Would you output all the lines below precisely as they stand, leaving each picture out?
==*==
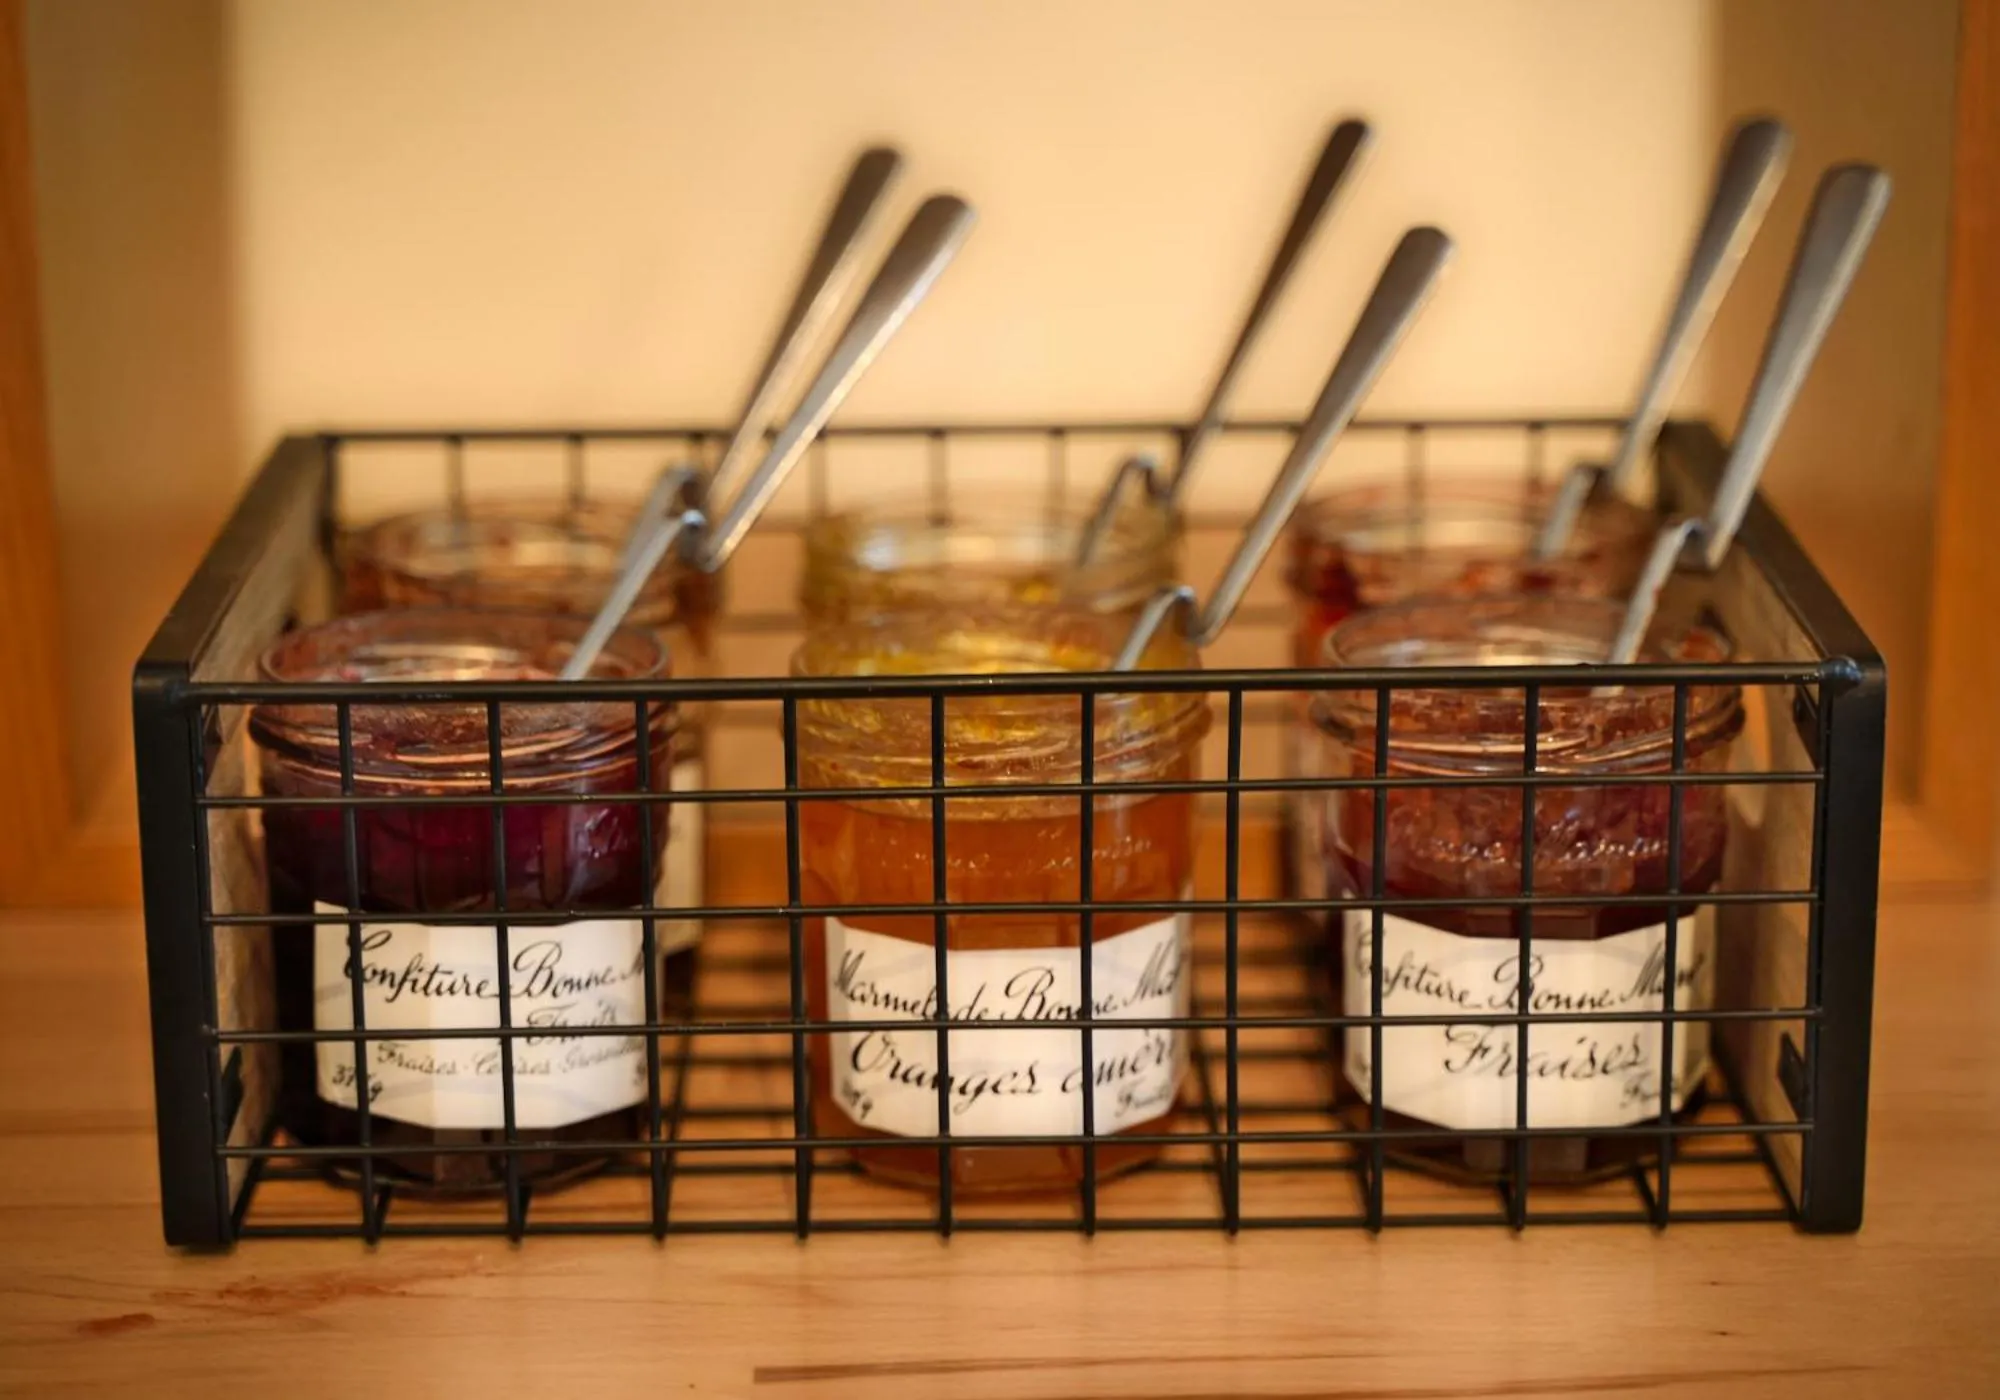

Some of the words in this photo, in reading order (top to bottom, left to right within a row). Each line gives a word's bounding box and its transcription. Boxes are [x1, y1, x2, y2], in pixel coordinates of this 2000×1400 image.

[343, 926, 499, 1003] Confiture
[509, 939, 617, 1000] Bonne
[835, 948, 989, 1021] Marmelde
[1354, 926, 1483, 1010] Cfiture
[1486, 952, 1615, 1011] Bonne
[377, 1042, 457, 1076] Fraises
[1443, 1023, 1649, 1080] Fraises
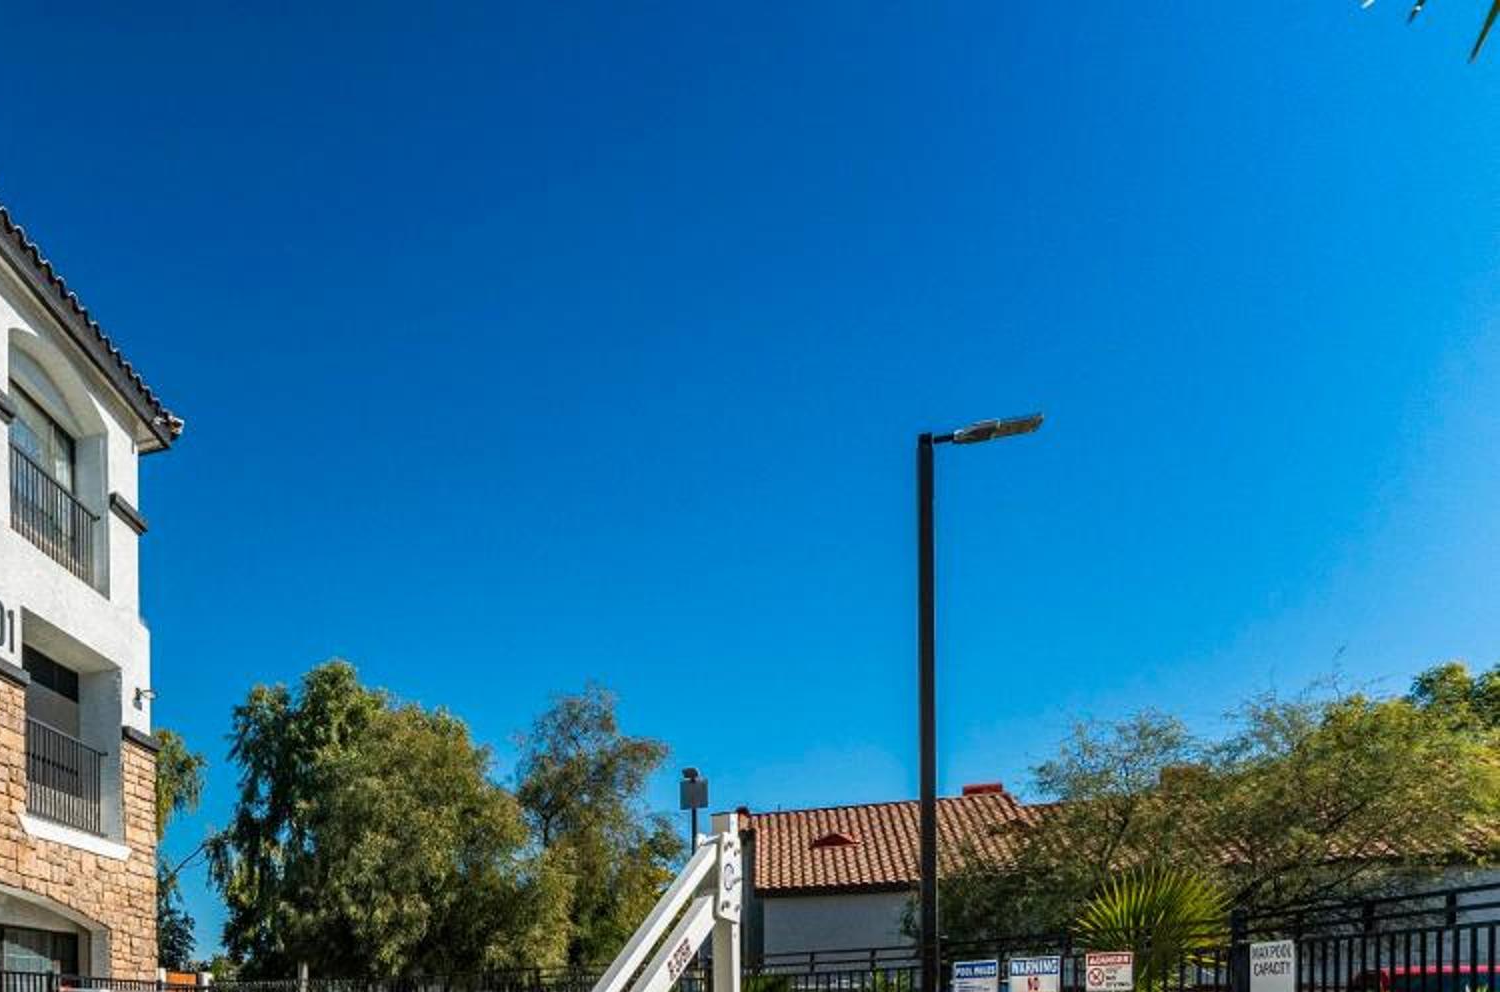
==*==
- **Answer area**
Some of the words in this photo, in reading order (top to bottom, left to right within a row). Each line gives a word's bounding box and its transcription. Boxes are [x1, y1, x2, y2], in pixel coordinates of this 2000×1400 image.

[343, 926, 499, 1003] Confiture
[509, 939, 617, 1000] Bonne
[835, 948, 989, 1021] Marmelde
[1354, 926, 1483, 1010] Cfiture
[1486, 952, 1615, 1011] Bonne
[377, 1042, 457, 1076] Fraises
[1443, 1023, 1649, 1080] Fraises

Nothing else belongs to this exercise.